Embarcadero
Started: 2019-06-02 19:05:25
Submitted: 2019-06-04 23:49:44
Visibility: World-readable
17 May 2019: In which the intrepid narrator says nice things about San Francisco
Last year I ran San Francisco's (in)famous 12k cross-city road race Bay to Breakers for the first time. This year, despite no longer living in San Francisco, I used the race as a convenient excuse to visit the city and say hi to people I knew.
Friday
I caught an early-morning flight from Seattle to SFO, leaving SEA at 07:14 PDT. It was raining in Seattle when I left, part of the same storm system that was also bringing rain to San Francisco.
Clouds obscured the scenery for most of my flight down the coast to SFO, but as the plane began its initial descent into SFO it flew outside the Golden Gate, giving me a great view of the morning light shining on San Francisco Bay framed under the plane's wing, with the Golden Gate Bridge nearest to me and the Bay Bridge further away, halfway across the bay.

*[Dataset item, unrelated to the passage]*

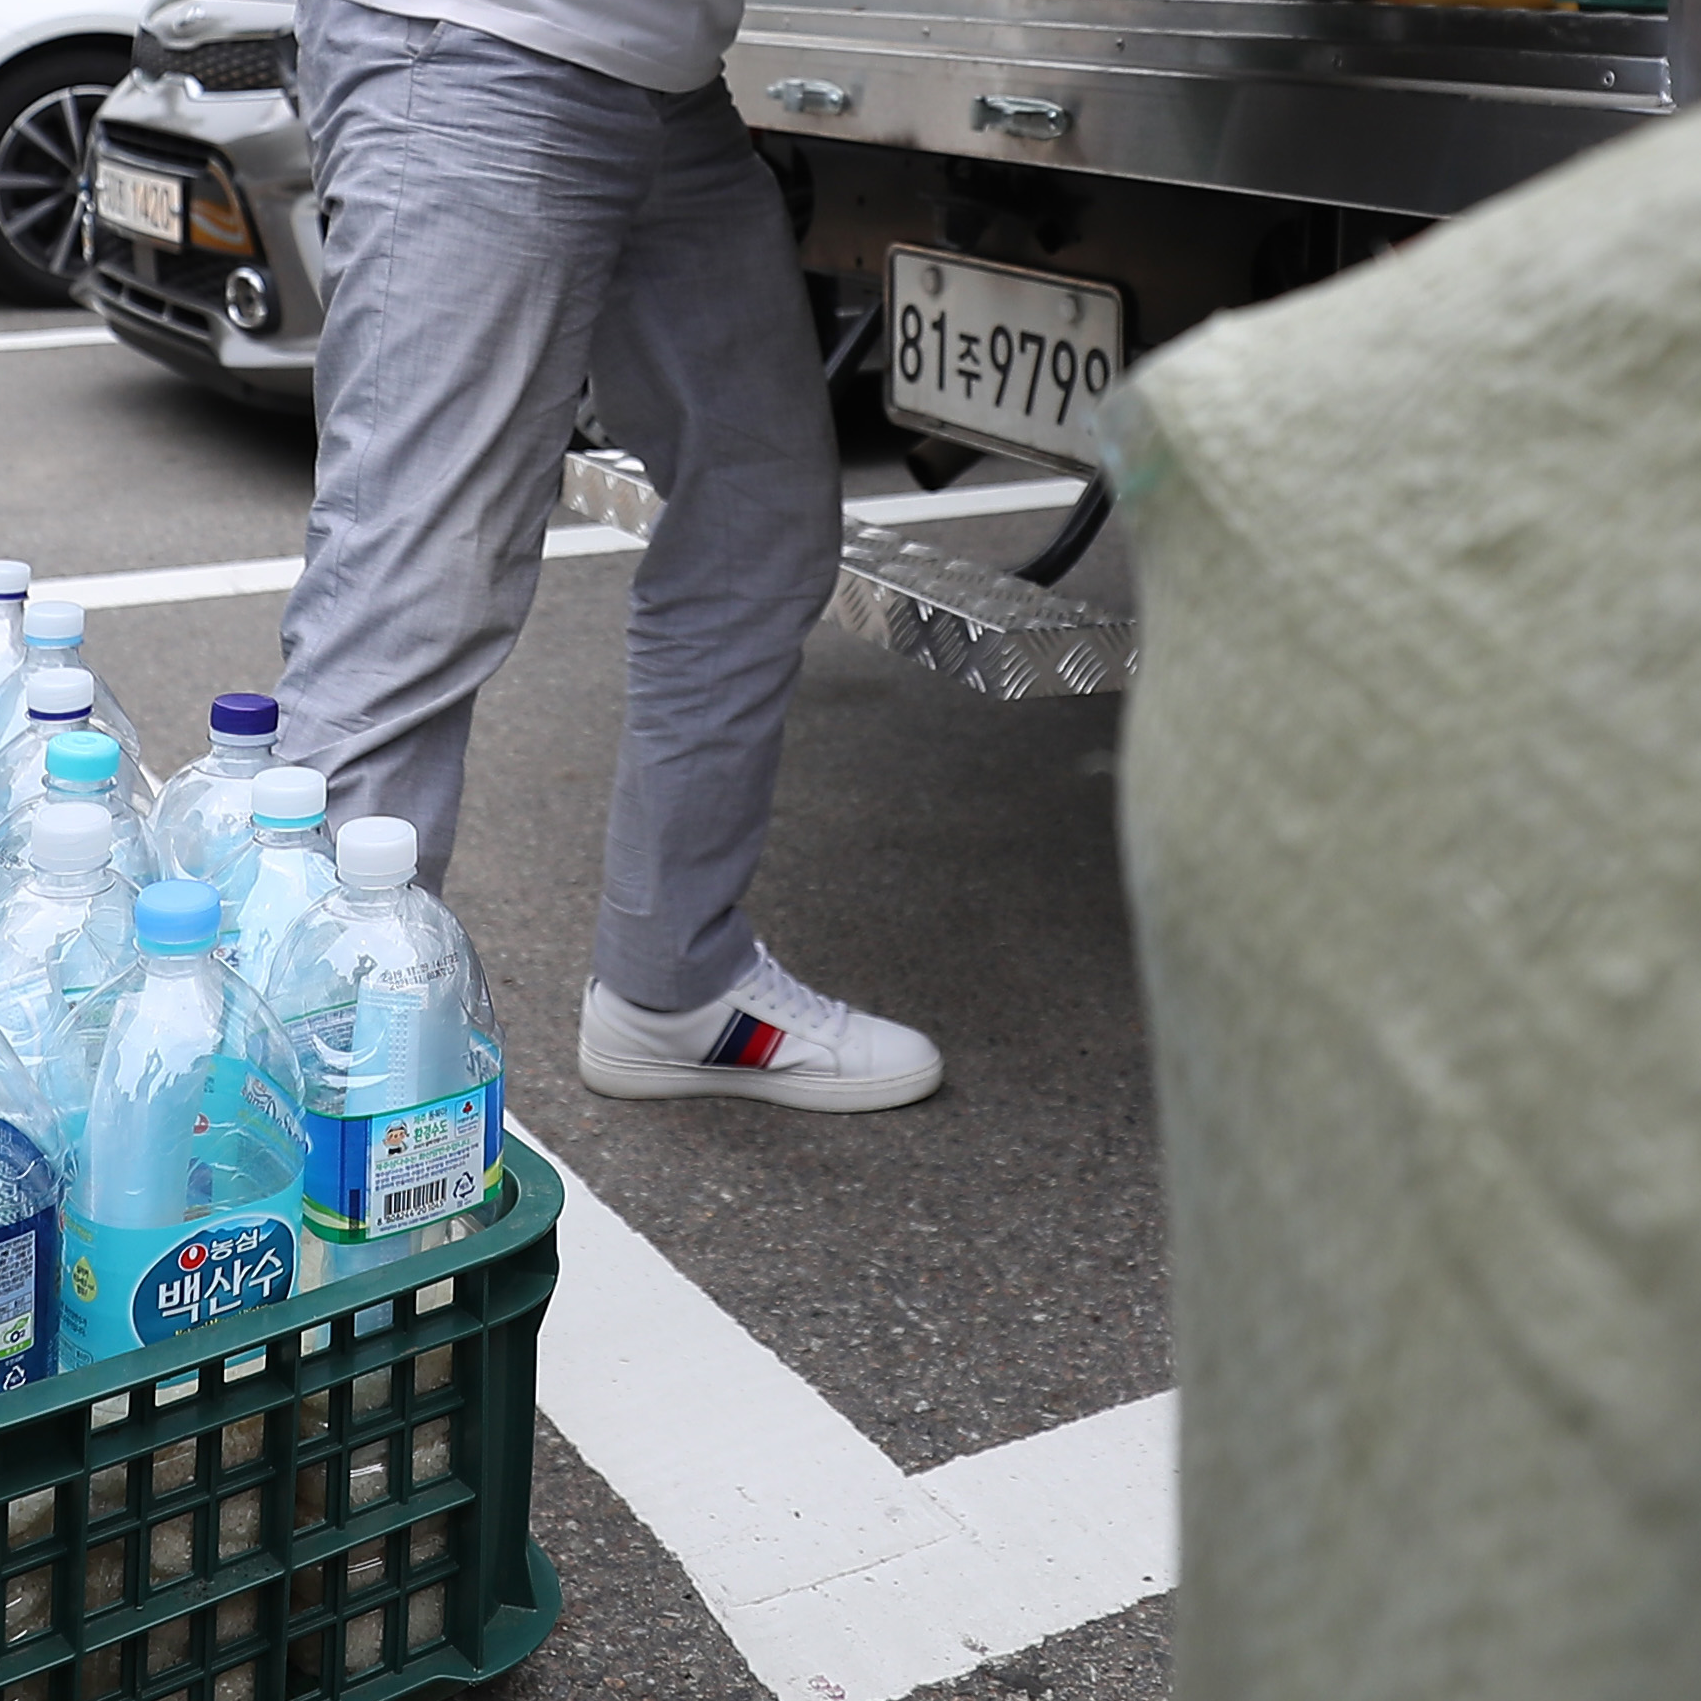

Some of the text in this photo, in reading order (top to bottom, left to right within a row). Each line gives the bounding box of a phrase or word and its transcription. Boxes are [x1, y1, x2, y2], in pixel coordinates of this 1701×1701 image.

[413, 1119, 449, 1143] 환경수도
[210, 1228, 260, 1261] 농심
[158, 1247, 284, 1324] 백산수
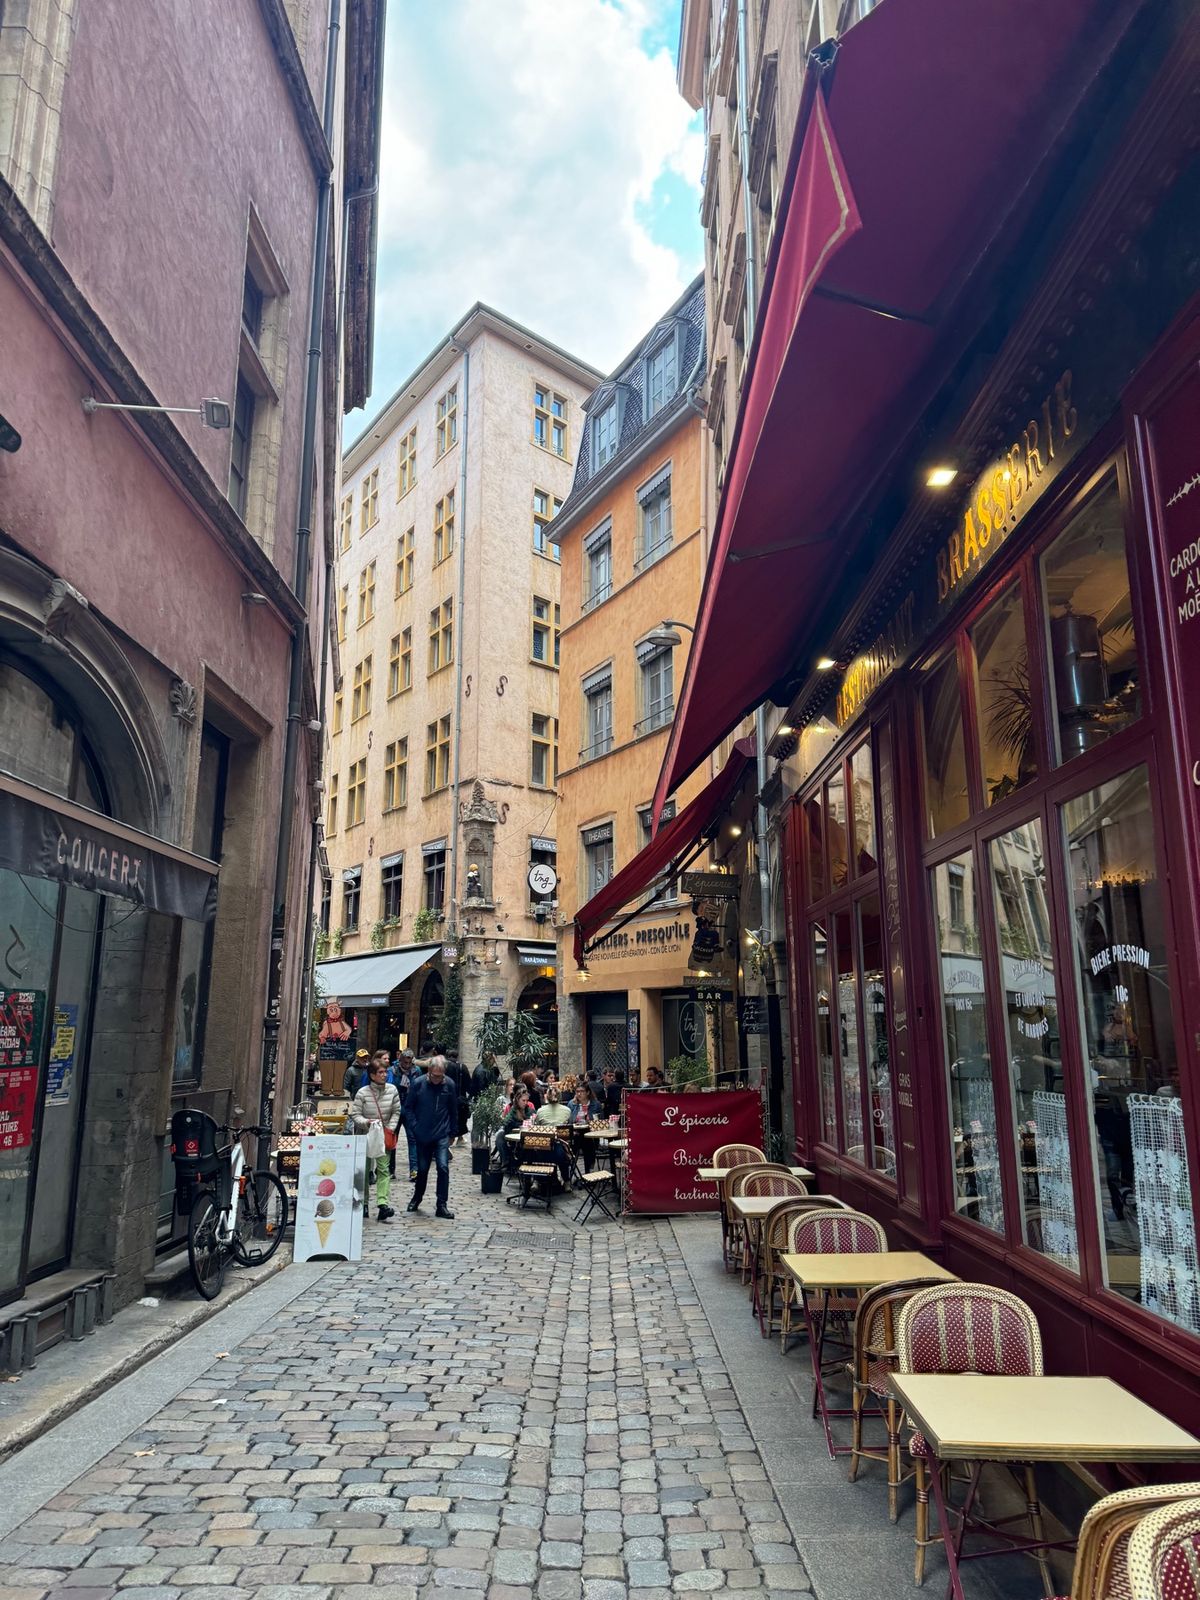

As we continued our descent I saw landmarks from my old neighborhood, City College of San Francisco and Balboa Park; but I couldn't see the nameless hill where my house sat in Ingleside under the window of the plane.
Immediately after landing at SFO I found a place to sit at an adjacent gate and called into a video conference to discuss one of the problems I'd run into during the week, as part of the weekly meeting between SRE and our dev teams to discuss such things. (It was, I think, the first time I'd called into a meeting from an airport -- almost certainly the first time I'd talked on a video conference from an airport. I thought about positioning myself so the jumbo jets parked at the international terminal were visible over my shoulder, but there weren't any seats facing that direction, and I didn't think the light would be all that good.)
I rode BART to Embarcadero Station and walked the three blocks down Spear Street to my employer's office. I took the elevator to the third floor and found my old team still sitting where they had been sitting when I left the team last summer -- though my old desk had been given away, and all of the empty desks had been filled in. I found a desk to borrow whose owner (one of my old team-mates) was out on vacation.
I hung out with my old team during the day on Friday, while also doing work for my current team.
Across the corner from the office, the Folsom Bay Tower had topped out, looking like someone had taken a stack of blocks and twisted it. The windows and external walls had climbed two-thirds of the way to the top. Three years ago the site was a parking lot with a nondescript one-story building with a weird irregular quadrilateral footprint tracing the outline of where the Embarcadero Freeway ran on its way to the waterfront. The freeway had been demolished almost thirty years ago; only a parking lot remained in its footprint. A taco truck parked in the parking lot, and on Fridays for lunch my team would get food there and take it out onto the Embarcadero to eat. When the foundation was being dug for the tower I saw the pilings for the freeway in the hole, and I saw the steel beams hoisted onto a truck for removal. I watched the foundation dug and prepared at length; only in my last month in San Francisco before leaving last summer did the tower begin to climb above the ground.
I checked into my hotel, the Hyatt Regency on the end of Market Street at the Embarcadero, and ended up with a room on the sixteenth floor, the second-highest floor, where the gracefully-tapering lobby reaches its apex.
I rode the glass elevator to the sixteenth floor and tried not to look down and tried not to let my anxiety about heights overtake me. For the most part this worked: as long as I didn't stand right next to the window in my room or on the end of the hall and look straight down I felt only the slightest twinge of anxiety, not the crippling panic I often feel in tall buildings.
(I'm pretty sure I heard the elevator music sing "don't look down" at me when I first entered the elevator, though.)
I caught the F streetcar northbound along the Embarcadero to pick up my race packet for the Bay to Breakers, then walked to Pier 37 and watched the sea lions in the bay (and watched the tourists watch the sea lions). I caught a bus back to my hotel, then took BART into the Mission to eat supper at Cha-Ya, my favorite vegan Japanese restaurant in the city.